WHAT THIS TASK INVOLVES
Every entry below should be printed exactly, without its images.

MATERIAL TO PROCESS
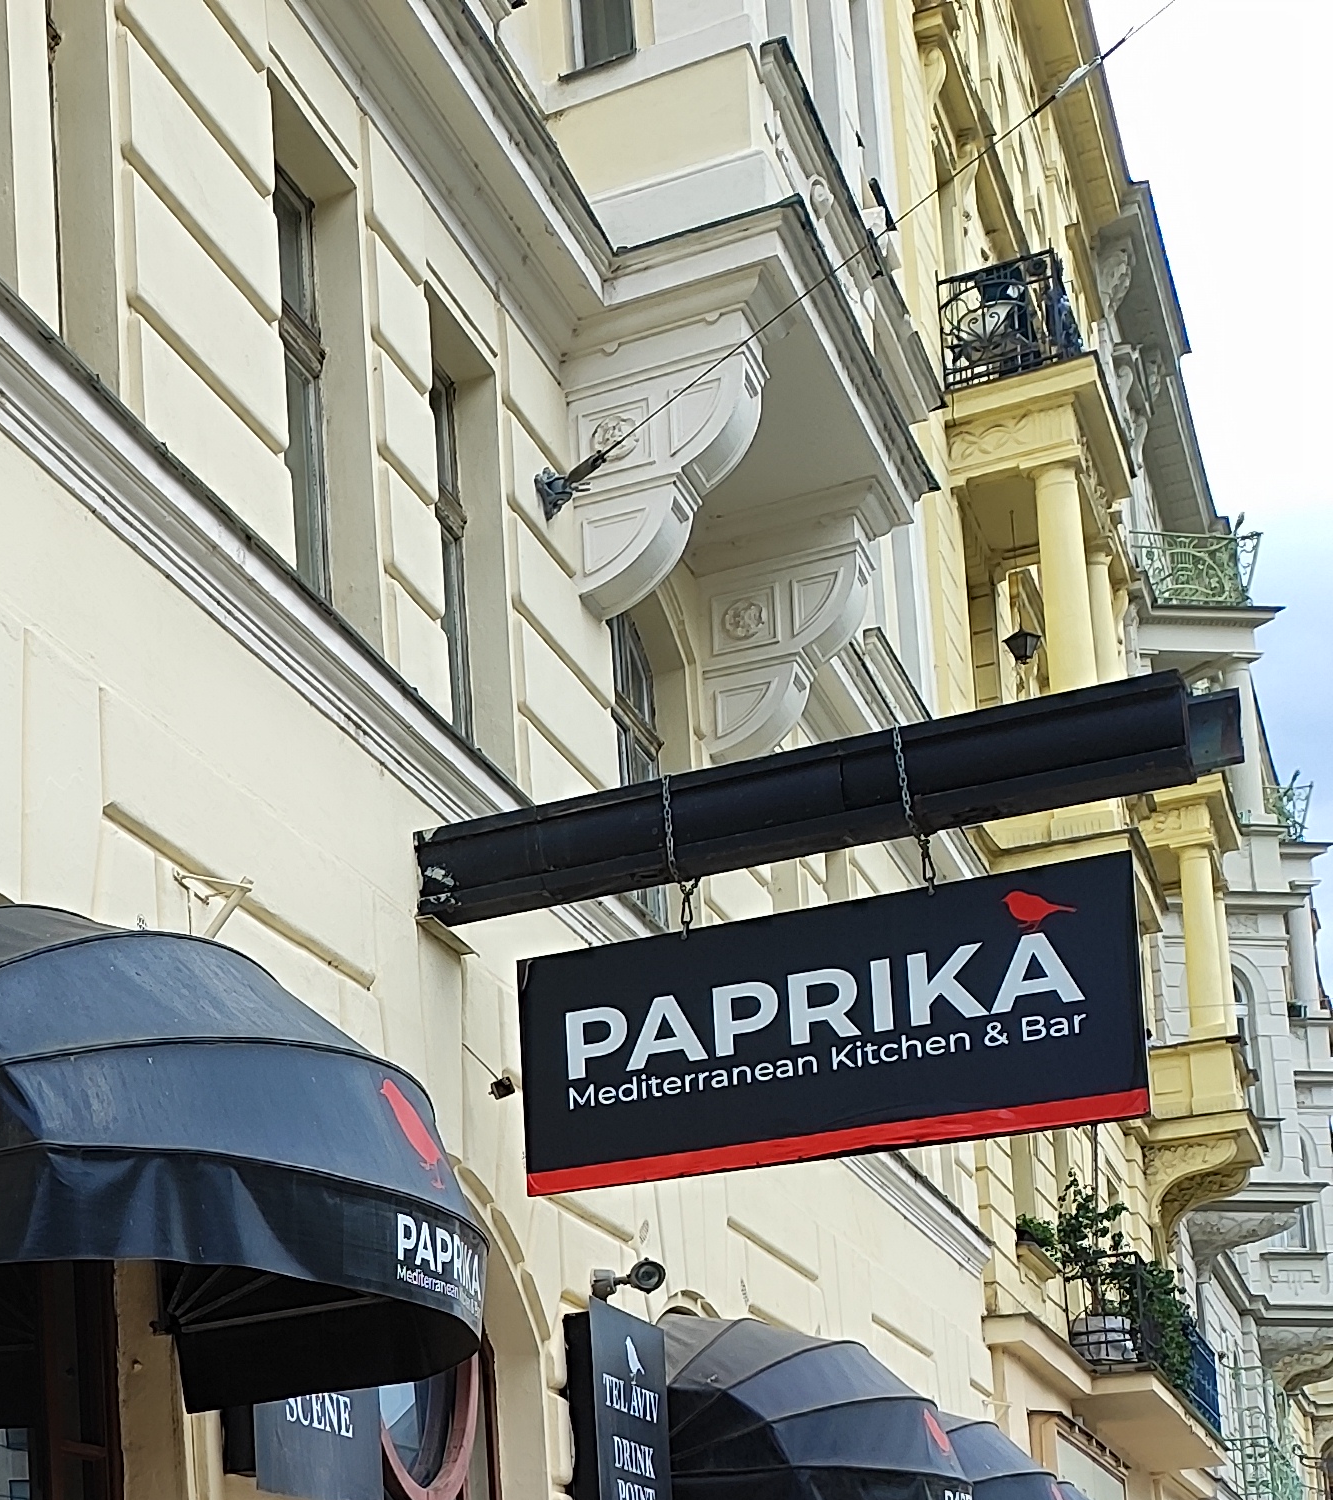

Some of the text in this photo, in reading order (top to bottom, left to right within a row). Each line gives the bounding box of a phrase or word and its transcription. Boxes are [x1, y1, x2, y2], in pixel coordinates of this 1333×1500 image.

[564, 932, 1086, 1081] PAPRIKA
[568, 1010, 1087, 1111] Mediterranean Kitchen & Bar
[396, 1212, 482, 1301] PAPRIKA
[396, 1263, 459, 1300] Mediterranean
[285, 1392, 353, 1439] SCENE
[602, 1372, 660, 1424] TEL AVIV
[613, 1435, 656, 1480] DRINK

OUTPUT OF THE EXERCISE
Some of the text in this photo, in reading order (top to bottom, left to right within a row). Each line gives the bounding box of a phrase or word and its transcription. Boxes are [x1, y1, x2, y2], in pixel coordinates of this 1333×1500 image.

[564, 932, 1086, 1081] PAPRIKA
[568, 1010, 1087, 1111] Mediterranean Kitchen & Bar
[396, 1212, 482, 1301] PAPRIKA
[396, 1263, 459, 1300] Mediterranean
[285, 1392, 353, 1439] SCENE
[602, 1372, 660, 1424] TEL AVIV
[613, 1435, 656, 1480] DRINK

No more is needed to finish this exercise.